Output the entries exactly as they appear. Pictures should not be included.

___ INFORMATION SHOWN ___

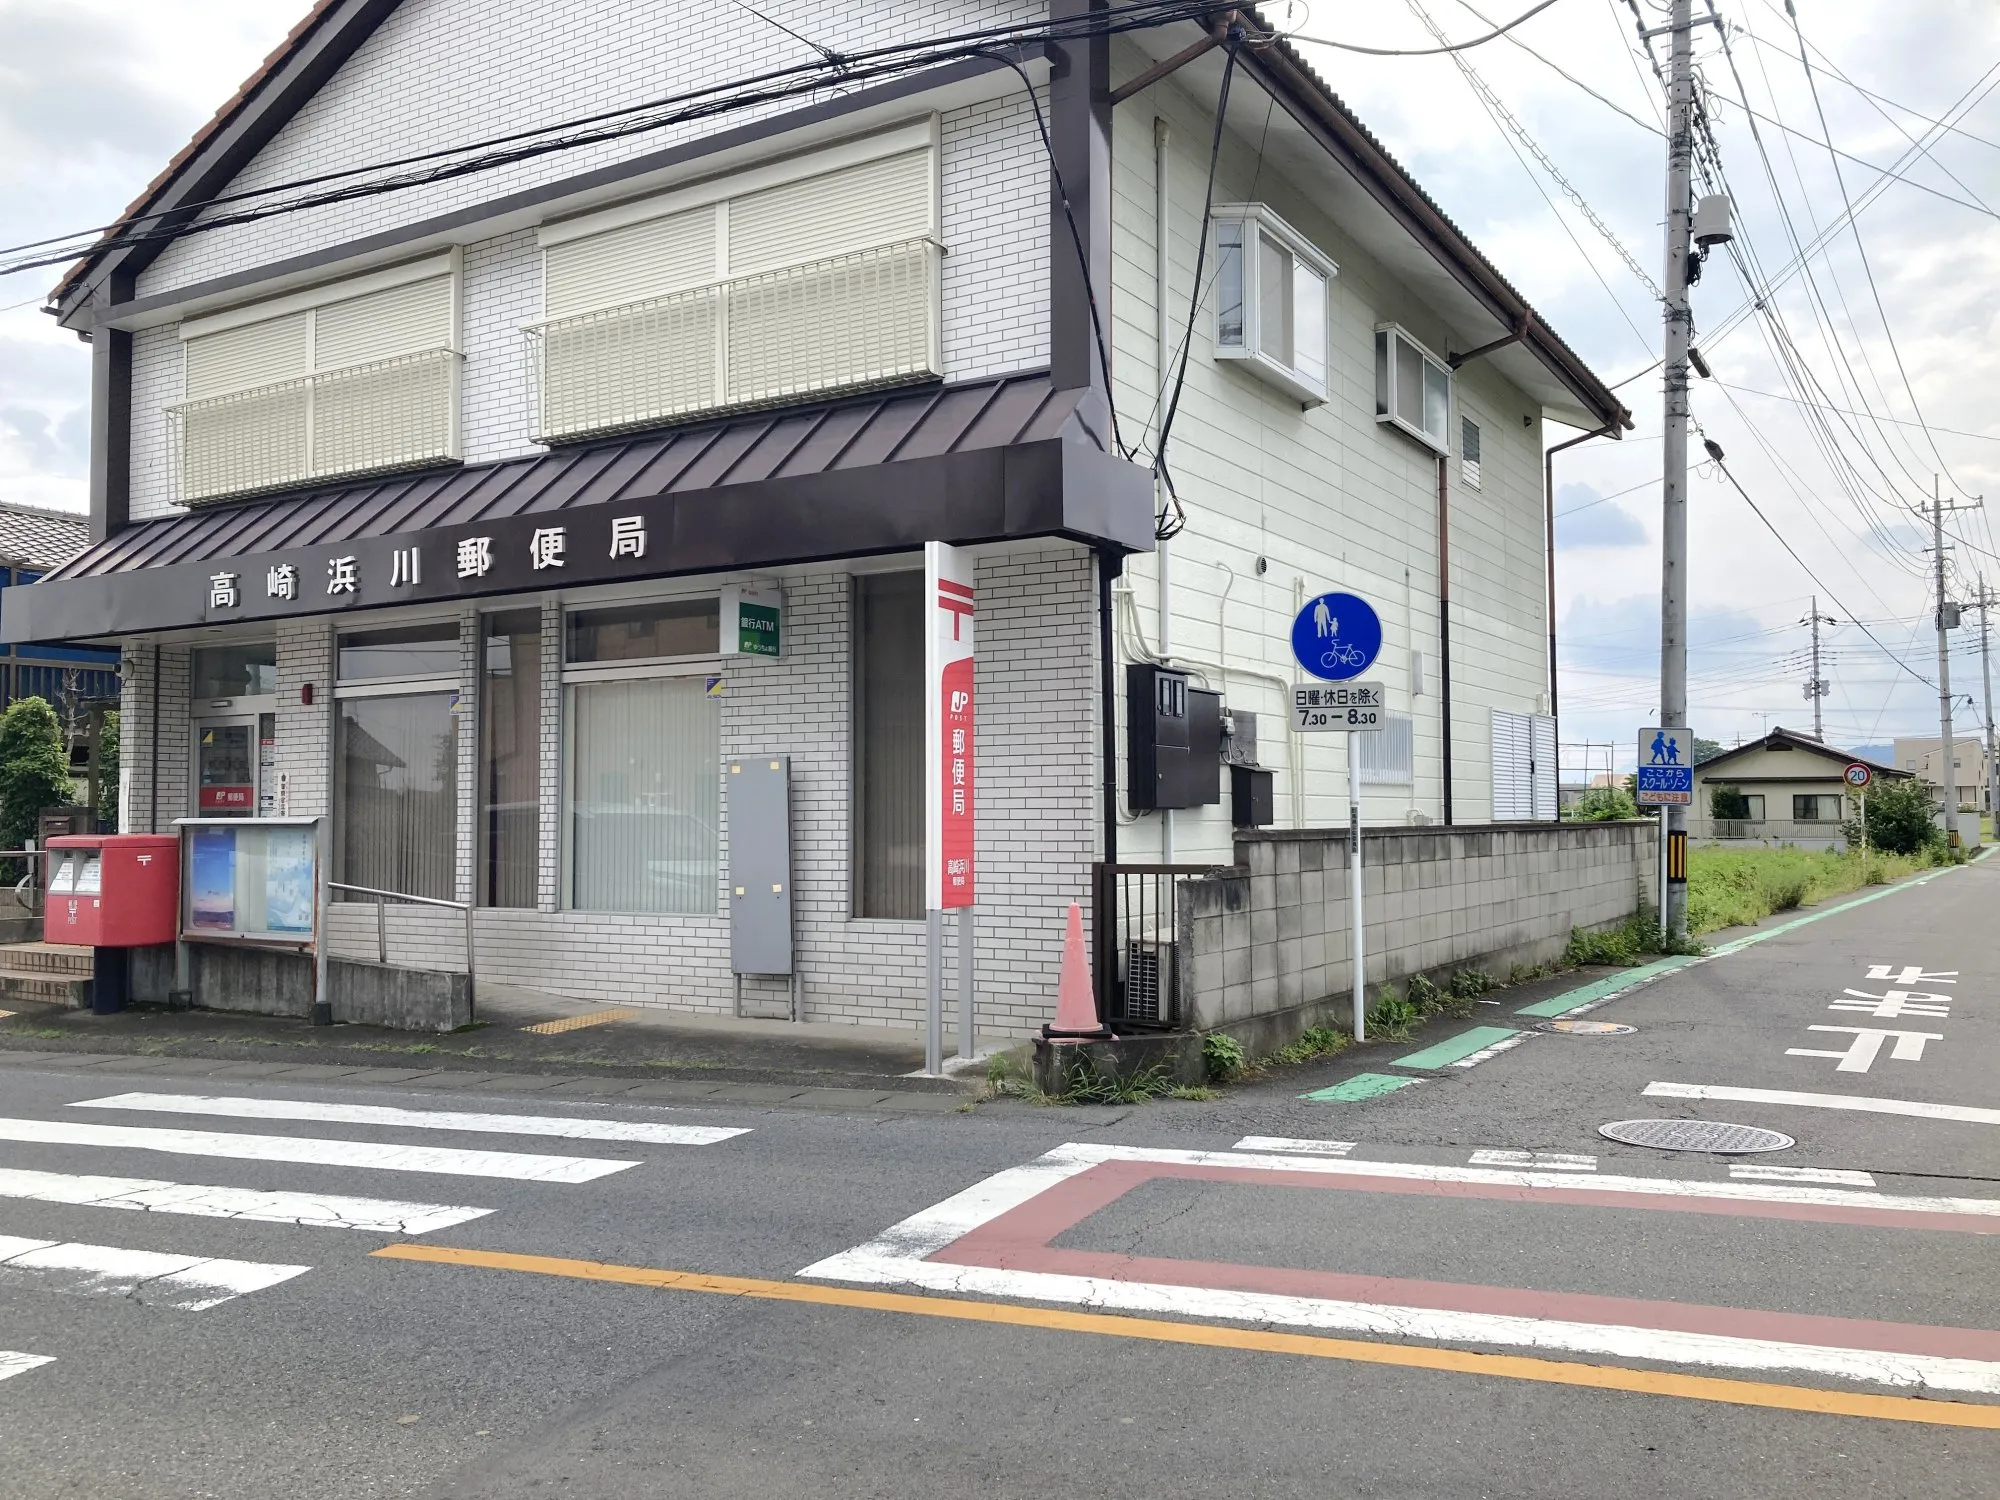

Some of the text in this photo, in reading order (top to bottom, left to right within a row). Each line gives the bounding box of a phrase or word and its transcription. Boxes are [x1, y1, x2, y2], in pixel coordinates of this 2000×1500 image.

[209, 515, 648, 607] 高崎浜川郵便局
[740, 617, 775, 632] 銀行ATM
[1296, 688, 1379, 706] 日曜・休日を除く
[952, 728, 966, 816] 郵便局
[1646, 769, 1685, 778] ここから
[1850, 770, 1865, 781] 20
[1641, 792, 1689, 803] こどもに注意
[947, 858, 970, 875] 高崎浜川
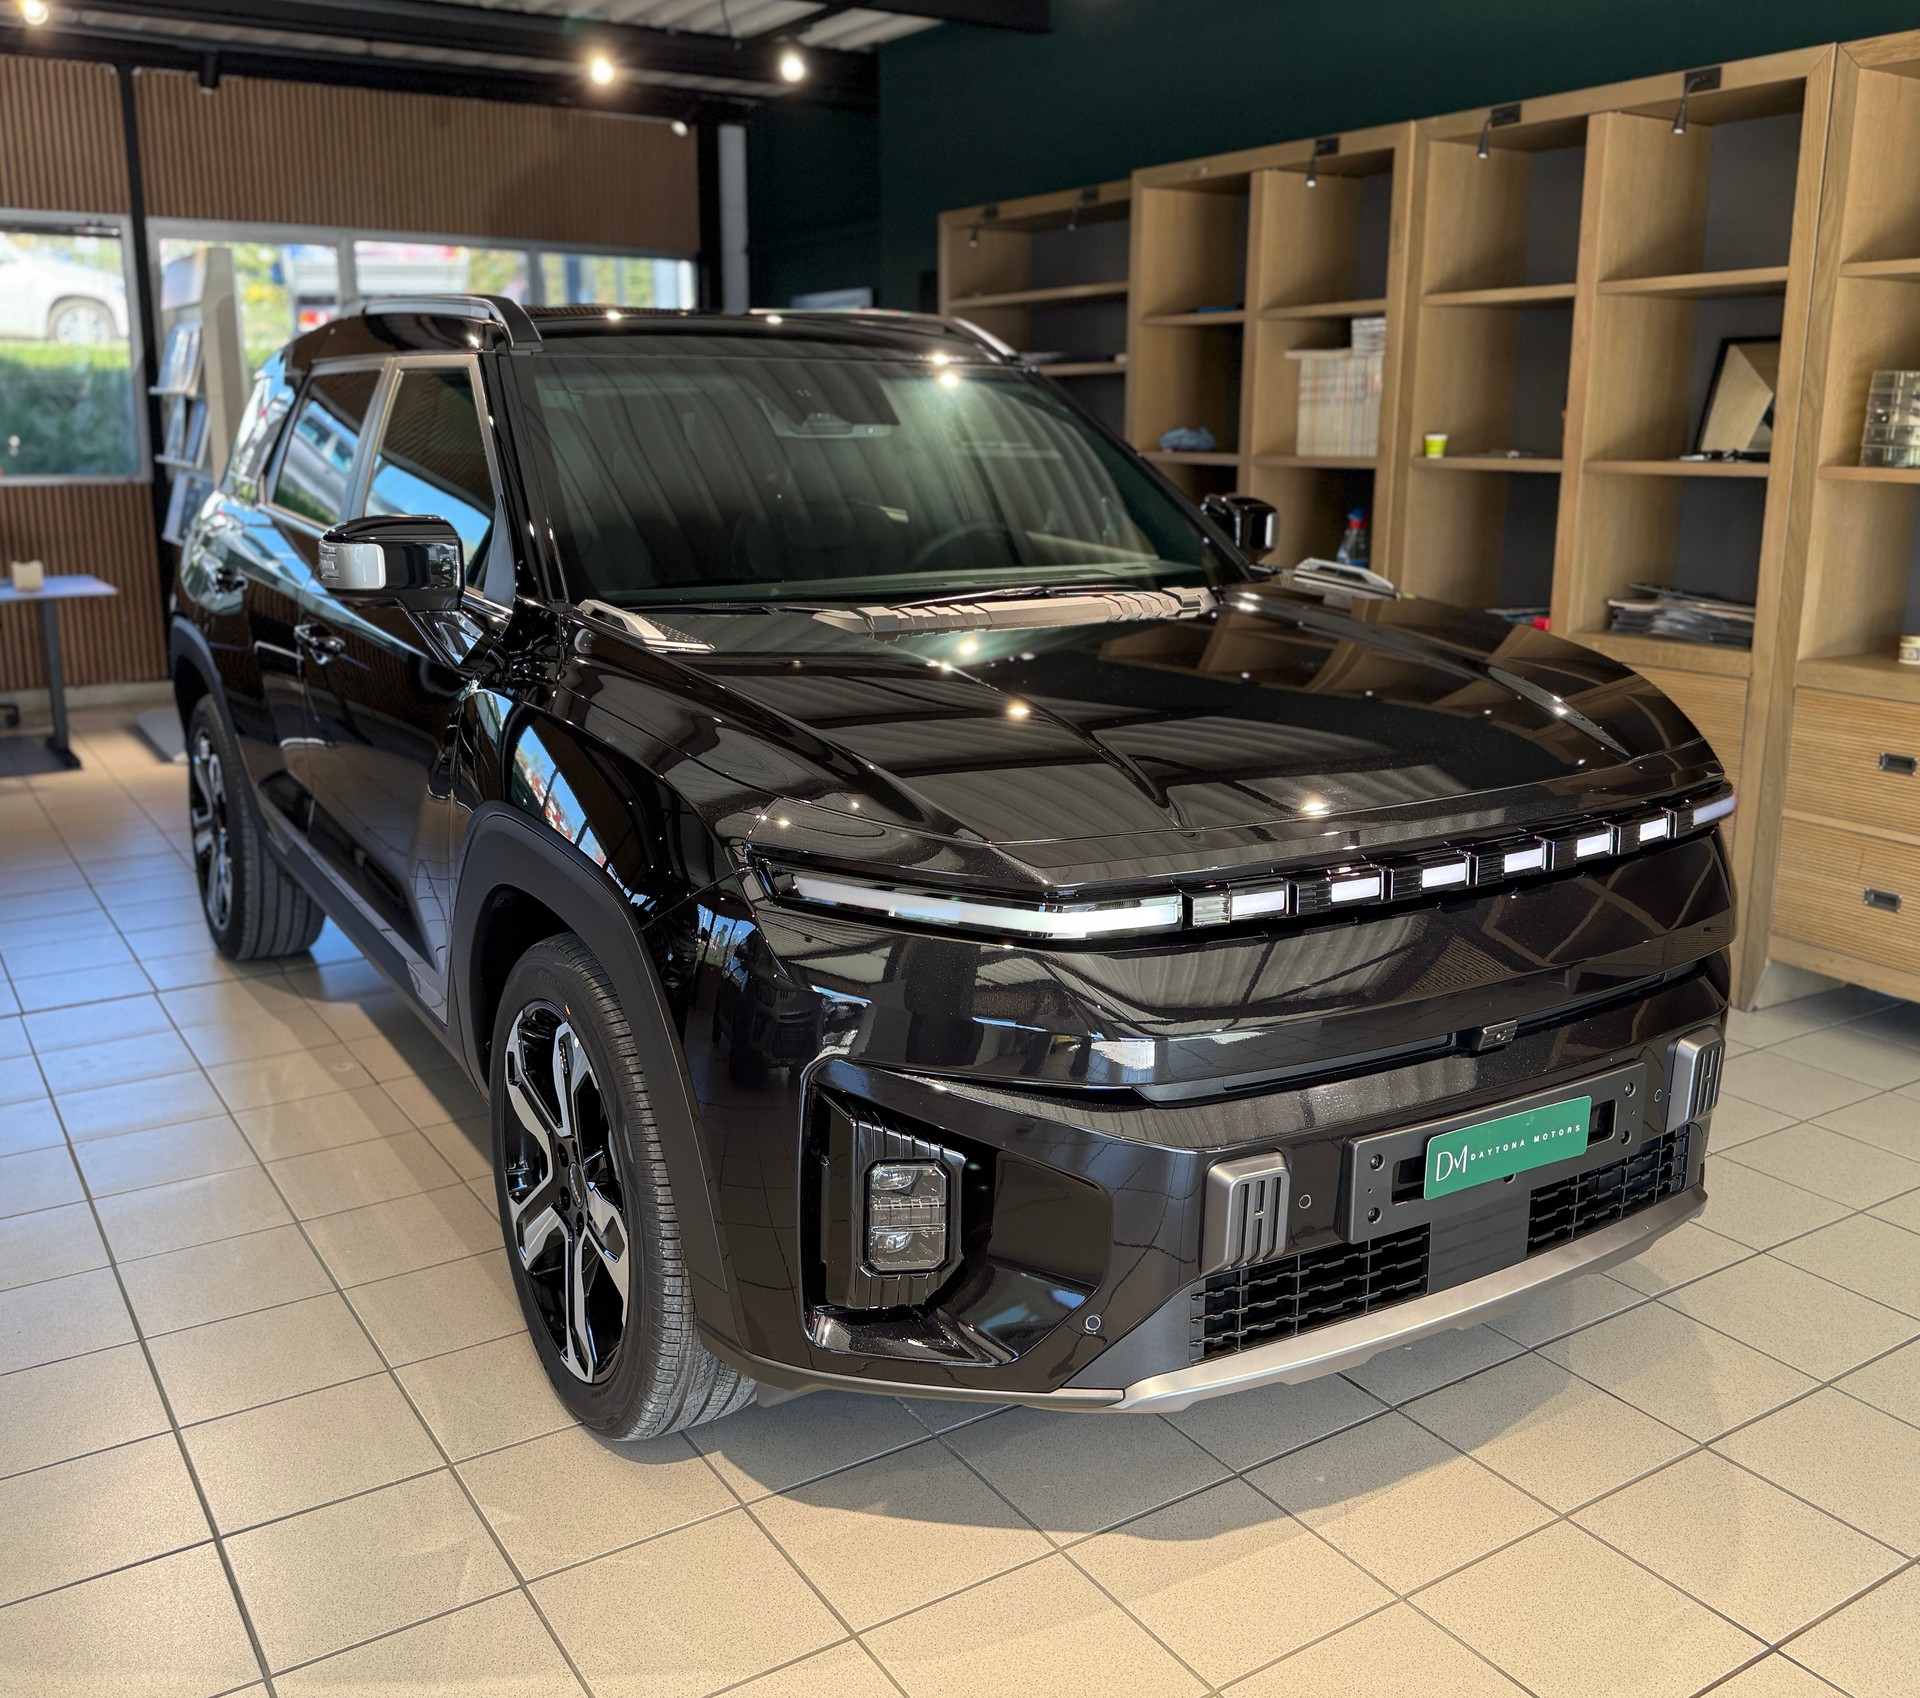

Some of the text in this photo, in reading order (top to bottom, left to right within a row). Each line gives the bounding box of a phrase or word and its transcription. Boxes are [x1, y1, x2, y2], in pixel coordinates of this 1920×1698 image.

[1435, 1124, 1581, 1182] DM DAYTONA MOTORS
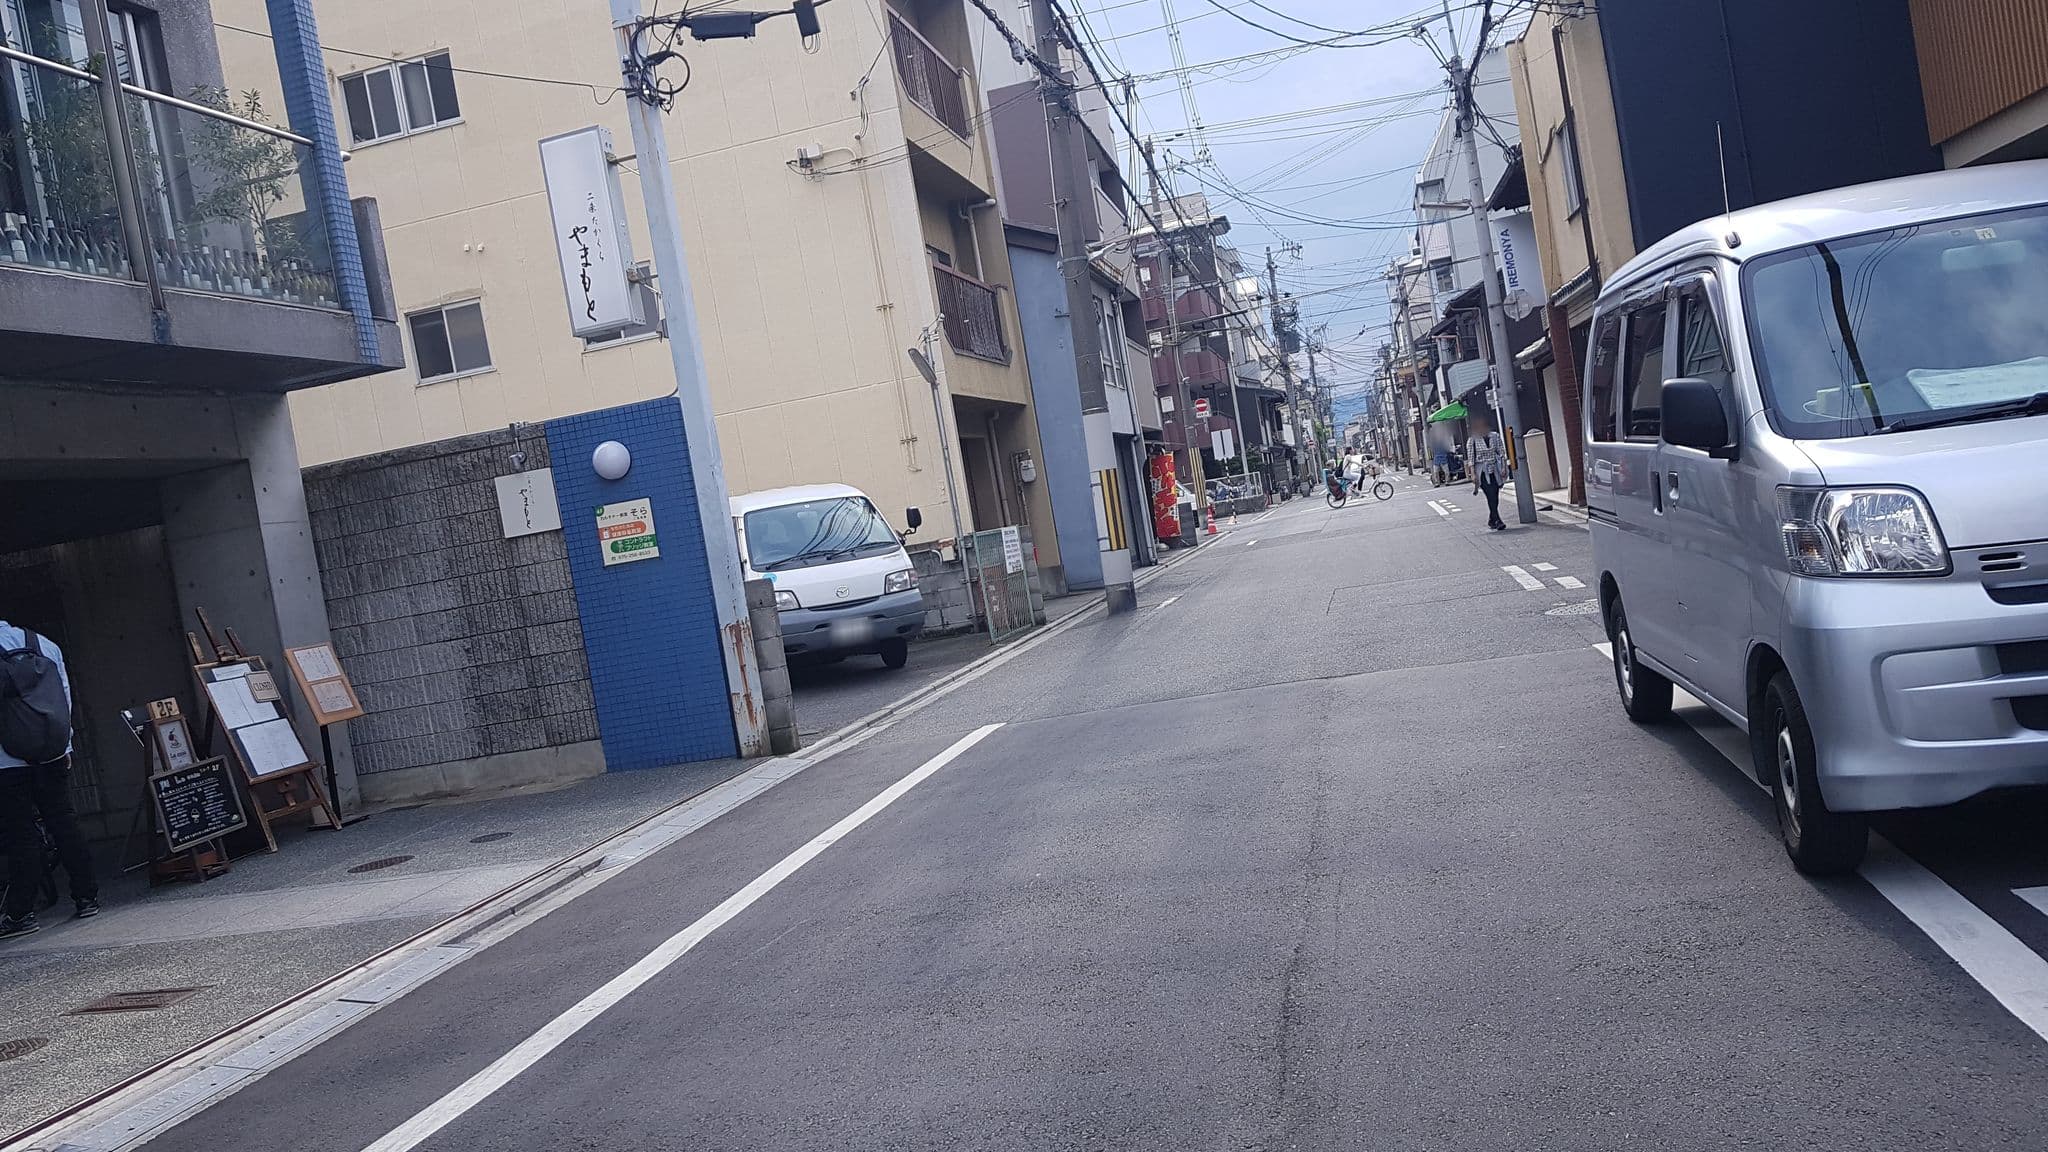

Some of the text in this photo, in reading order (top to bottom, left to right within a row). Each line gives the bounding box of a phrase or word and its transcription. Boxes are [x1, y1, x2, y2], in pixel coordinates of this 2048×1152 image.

___

*THE ANSWER*:
Some of the text in this photo, in reading order (top to bottom, left to right within a row). Each line gives the bounding box of a phrase or word and its transcription. Boxes are [x1, y1, x2, y2], in pixel coordinates of this 2000×1500 image.

[209, 515, 648, 607] 高崎浜川郵便局
[740, 617, 775, 632] 銀行ATM
[1296, 688, 1379, 706] 日曜・休日を除く
[952, 728, 966, 816] 郵便局
[1646, 769, 1685, 778] ここから
[1850, 770, 1865, 781] 20
[1641, 792, 1689, 803] こどもに注意
[947, 858, 970, 875] 高崎浜川

Some of the text in this photo, in reading order (top to bottom, left to right within a row). Each line gives the bounding box of a phrase or word and its transcription. Boxes are [x1, y1, x2, y2], in pixel coordinates of this 1920×1698 image.

[1435, 1124, 1581, 1182] DM DAYTONA MOTORS

Some of the text in this photo, in reading order (top to bottom, left to right within a row). Each line gives the bounding box of a phrase or word and its transcription. Boxes are [x1, y1, x2, y2], in pixel coordinates of this 2048×1152 image.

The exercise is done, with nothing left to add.